(The data)
= Beginning of Section =

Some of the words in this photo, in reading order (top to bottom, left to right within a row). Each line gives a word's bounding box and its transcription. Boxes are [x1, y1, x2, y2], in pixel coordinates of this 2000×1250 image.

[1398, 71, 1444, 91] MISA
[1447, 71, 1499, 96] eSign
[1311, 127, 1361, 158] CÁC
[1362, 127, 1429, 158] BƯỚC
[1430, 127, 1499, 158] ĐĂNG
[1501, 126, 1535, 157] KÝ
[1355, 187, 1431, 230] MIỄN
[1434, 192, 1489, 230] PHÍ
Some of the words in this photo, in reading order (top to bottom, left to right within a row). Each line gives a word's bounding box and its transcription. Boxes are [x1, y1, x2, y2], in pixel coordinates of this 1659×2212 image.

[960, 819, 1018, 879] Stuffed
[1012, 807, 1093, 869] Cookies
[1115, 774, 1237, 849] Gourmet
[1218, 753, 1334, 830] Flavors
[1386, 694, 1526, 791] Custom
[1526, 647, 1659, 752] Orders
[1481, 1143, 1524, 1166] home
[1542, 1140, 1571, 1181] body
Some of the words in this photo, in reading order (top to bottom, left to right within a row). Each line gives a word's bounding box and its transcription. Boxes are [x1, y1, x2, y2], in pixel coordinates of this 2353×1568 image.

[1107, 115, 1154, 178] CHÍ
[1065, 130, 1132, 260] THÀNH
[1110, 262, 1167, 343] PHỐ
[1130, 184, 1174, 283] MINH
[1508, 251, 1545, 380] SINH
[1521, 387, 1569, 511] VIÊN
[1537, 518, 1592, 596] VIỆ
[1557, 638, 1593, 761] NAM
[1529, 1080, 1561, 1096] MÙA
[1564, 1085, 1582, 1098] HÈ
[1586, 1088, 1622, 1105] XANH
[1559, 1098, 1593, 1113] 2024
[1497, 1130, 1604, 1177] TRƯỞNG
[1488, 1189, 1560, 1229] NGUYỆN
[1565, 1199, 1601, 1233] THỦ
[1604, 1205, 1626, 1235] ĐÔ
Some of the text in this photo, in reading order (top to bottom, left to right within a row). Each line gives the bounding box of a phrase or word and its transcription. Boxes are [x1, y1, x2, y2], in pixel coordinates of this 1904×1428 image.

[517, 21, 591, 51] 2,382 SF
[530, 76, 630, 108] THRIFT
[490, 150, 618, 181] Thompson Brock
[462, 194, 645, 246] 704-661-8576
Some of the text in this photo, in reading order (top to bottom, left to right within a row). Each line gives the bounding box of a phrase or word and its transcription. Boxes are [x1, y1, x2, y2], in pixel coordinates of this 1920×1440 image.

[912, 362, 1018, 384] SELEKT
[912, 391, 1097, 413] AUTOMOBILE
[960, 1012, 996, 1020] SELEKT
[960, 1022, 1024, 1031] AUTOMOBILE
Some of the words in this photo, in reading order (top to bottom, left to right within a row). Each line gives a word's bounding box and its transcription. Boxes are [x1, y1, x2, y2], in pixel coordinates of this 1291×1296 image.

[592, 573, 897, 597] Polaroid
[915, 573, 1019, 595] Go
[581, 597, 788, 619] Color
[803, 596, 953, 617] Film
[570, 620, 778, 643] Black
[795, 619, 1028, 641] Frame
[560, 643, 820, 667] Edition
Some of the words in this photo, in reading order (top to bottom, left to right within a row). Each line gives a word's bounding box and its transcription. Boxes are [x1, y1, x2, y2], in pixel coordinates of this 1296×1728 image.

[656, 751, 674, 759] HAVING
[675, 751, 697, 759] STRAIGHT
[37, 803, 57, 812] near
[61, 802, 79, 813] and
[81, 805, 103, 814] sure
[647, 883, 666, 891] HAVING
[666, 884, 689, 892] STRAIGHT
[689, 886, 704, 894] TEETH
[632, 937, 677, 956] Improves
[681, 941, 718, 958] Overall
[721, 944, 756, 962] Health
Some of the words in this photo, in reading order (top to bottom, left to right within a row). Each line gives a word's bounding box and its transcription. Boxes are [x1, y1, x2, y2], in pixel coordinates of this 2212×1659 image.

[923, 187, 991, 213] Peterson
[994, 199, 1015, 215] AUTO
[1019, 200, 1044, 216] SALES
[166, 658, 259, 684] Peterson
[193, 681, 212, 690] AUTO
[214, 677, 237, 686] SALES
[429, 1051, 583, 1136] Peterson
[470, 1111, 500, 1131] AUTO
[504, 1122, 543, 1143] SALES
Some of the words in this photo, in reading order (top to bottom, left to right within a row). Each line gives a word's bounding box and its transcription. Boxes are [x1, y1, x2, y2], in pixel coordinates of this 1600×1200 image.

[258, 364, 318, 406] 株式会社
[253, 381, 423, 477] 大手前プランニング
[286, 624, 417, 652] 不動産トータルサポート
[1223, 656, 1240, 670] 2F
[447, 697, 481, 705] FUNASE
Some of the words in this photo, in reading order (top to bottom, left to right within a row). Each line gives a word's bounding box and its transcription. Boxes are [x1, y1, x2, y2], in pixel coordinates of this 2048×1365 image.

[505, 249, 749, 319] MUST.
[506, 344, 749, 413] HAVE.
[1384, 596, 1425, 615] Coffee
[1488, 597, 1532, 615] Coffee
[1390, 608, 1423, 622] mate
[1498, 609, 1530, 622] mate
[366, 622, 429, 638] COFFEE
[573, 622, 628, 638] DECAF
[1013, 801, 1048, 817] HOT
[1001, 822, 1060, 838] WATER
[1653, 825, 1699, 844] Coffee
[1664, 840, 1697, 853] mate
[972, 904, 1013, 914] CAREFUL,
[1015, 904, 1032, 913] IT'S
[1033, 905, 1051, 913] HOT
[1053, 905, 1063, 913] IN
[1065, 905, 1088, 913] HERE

= End of Section =

(What the task asks)
Whatever the number of entries above, each one is to be copied exactly.

(Task output)
Some of the words in this photo, in reading order (top to bottom, left to right within a row). Each line gives a word's bounding box and its transcription. Boxes are [x1, y1, x2, y2], in pixel coordinates of this 2000×1250 image.

[1398, 71, 1444, 91] MISA
[1447, 71, 1499, 96] eSign
[1311, 127, 1361, 158] CÁC
[1362, 127, 1429, 158] BƯỚC
[1430, 127, 1499, 158] ĐĂNG
[1501, 126, 1535, 157] KÝ
[1355, 187, 1431, 230] MIỄN
[1434, 192, 1489, 230] PHÍ
Some of the words in this photo, in reading order (top to bottom, left to right within a row). Each line gives a word's bounding box and its transcription. Boxes are [x1, y1, x2, y2], in pixel coordinates of this 1659×2212 image.

[960, 819, 1018, 879] Stuffed
[1012, 807, 1093, 869] Cookies
[1115, 774, 1237, 849] Gourmet
[1218, 753, 1334, 830] Flavors
[1386, 694, 1526, 791] Custom
[1526, 647, 1659, 752] Orders
[1481, 1143, 1524, 1166] home
[1542, 1140, 1571, 1181] body
Some of the words in this photo, in reading order (top to bottom, left to right within a row). Each line gives a word's bounding box and its transcription. Boxes are [x1, y1, x2, y2], in pixel coordinates of this 2353×1568 image.

[1107, 115, 1154, 178] CHÍ
[1065, 130, 1132, 260] THÀNH
[1110, 262, 1167, 343] PHỐ
[1130, 184, 1174, 283] MINH
[1508, 251, 1545, 380] SINH
[1521, 387, 1569, 511] VIÊN
[1537, 518, 1592, 596] VIỆ
[1557, 638, 1593, 761] NAM
[1529, 1080, 1561, 1096] MÙA
[1564, 1085, 1582, 1098] HÈ
[1586, 1088, 1622, 1105] XANH
[1559, 1098, 1593, 1113] 2024
[1497, 1130, 1604, 1177] TRƯỞNG
[1488, 1189, 1560, 1229] NGUYỆN
[1565, 1199, 1601, 1233] THỦ
[1604, 1205, 1626, 1235] ĐÔ
Some of the text in this photo, in reading order (top to bottom, left to right within a row). Each line gives the bounding box of a phrase or word and its transcription. Boxes are [x1, y1, x2, y2], in pixel coordinates of this 1904×1428 image.

[517, 21, 591, 51] 2,382 SF
[530, 76, 630, 108] THRIFT
[490, 150, 618, 181] Thompson Brock
[462, 194, 645, 246] 704-661-8576
Some of the text in this photo, in reading order (top to bottom, left to right within a row). Each line gives the bounding box of a phrase or word and its transcription. Boxes are [x1, y1, x2, y2], in pixel coordinates of this 1920×1440 image.

[912, 362, 1018, 384] SELEKT
[912, 391, 1097, 413] AUTOMOBILE
[960, 1012, 996, 1020] SELEKT
[960, 1022, 1024, 1031] AUTOMOBILE
Some of the words in this photo, in reading order (top to bottom, left to right within a row). Each line gives a word's bounding box and its transcription. Boxes are [x1, y1, x2, y2], in pixel coordinates of this 1291×1296 image.

[592, 573, 897, 597] Polaroid
[915, 573, 1019, 595] Go
[581, 597, 788, 619] Color
[803, 596, 953, 617] Film
[570, 620, 778, 643] Black
[795, 619, 1028, 641] Frame
[560, 643, 820, 667] Edition
Some of the words in this photo, in reading order (top to bottom, left to right within a row). Each line gives a word's bounding box and its transcription. Boxes are [x1, y1, x2, y2], in pixel coordinates of this 1296×1728 image.

[656, 751, 674, 759] HAVING
[675, 751, 697, 759] STRAIGHT
[37, 803, 57, 812] near
[61, 802, 79, 813] and
[81, 805, 103, 814] sure
[647, 883, 666, 891] HAVING
[666, 884, 689, 892] STRAIGHT
[689, 886, 704, 894] TEETH
[632, 937, 677, 956] Improves
[681, 941, 718, 958] Overall
[721, 944, 756, 962] Health
Some of the words in this photo, in reading order (top to bottom, left to right within a row). Each line gives a word's bounding box and its transcription. Boxes are [x1, y1, x2, y2], in pixel coordinates of this 2212×1659 image.

[923, 187, 991, 213] Peterson
[994, 199, 1015, 215] AUTO
[1019, 200, 1044, 216] SALES
[166, 658, 259, 684] Peterson
[193, 681, 212, 690] AUTO
[214, 677, 237, 686] SALES
[429, 1051, 583, 1136] Peterson
[470, 1111, 500, 1131] AUTO
[504, 1122, 543, 1143] SALES
Some of the words in this photo, in reading order (top to bottom, left to right within a row). Each line gives a word's bounding box and its transcription. Boxes are [x1, y1, x2, y2], in pixel coordinates of this 1600×1200 image.

[258, 364, 318, 406] 株式会社
[253, 381, 423, 477] 大手前プランニング
[286, 624, 417, 652] 不動産トータルサポート
[1223, 656, 1240, 670] 2F
[447, 697, 481, 705] FUNASE
Some of the words in this photo, in reading order (top to bottom, left to right within a row). Each line gives a word's bounding box and its transcription. Boxes are [x1, y1, x2, y2], in pixel coordinates of this 2048×1365 image.

[505, 249, 749, 319] MUST.
[506, 344, 749, 413] HAVE.
[1384, 596, 1425, 615] Coffee
[1488, 597, 1532, 615] Coffee
[1390, 608, 1423, 622] mate
[1498, 609, 1530, 622] mate
[366, 622, 429, 638] COFFEE
[573, 622, 628, 638] DECAF
[1013, 801, 1048, 817] HOT
[1001, 822, 1060, 838] WATER
[1653, 825, 1699, 844] Coffee
[1664, 840, 1697, 853] mate
[972, 904, 1013, 914] CAREFUL,
[1015, 904, 1032, 913] IT'S
[1033, 905, 1051, 913] HOT
[1053, 905, 1063, 913] IN
[1065, 905, 1088, 913] HERE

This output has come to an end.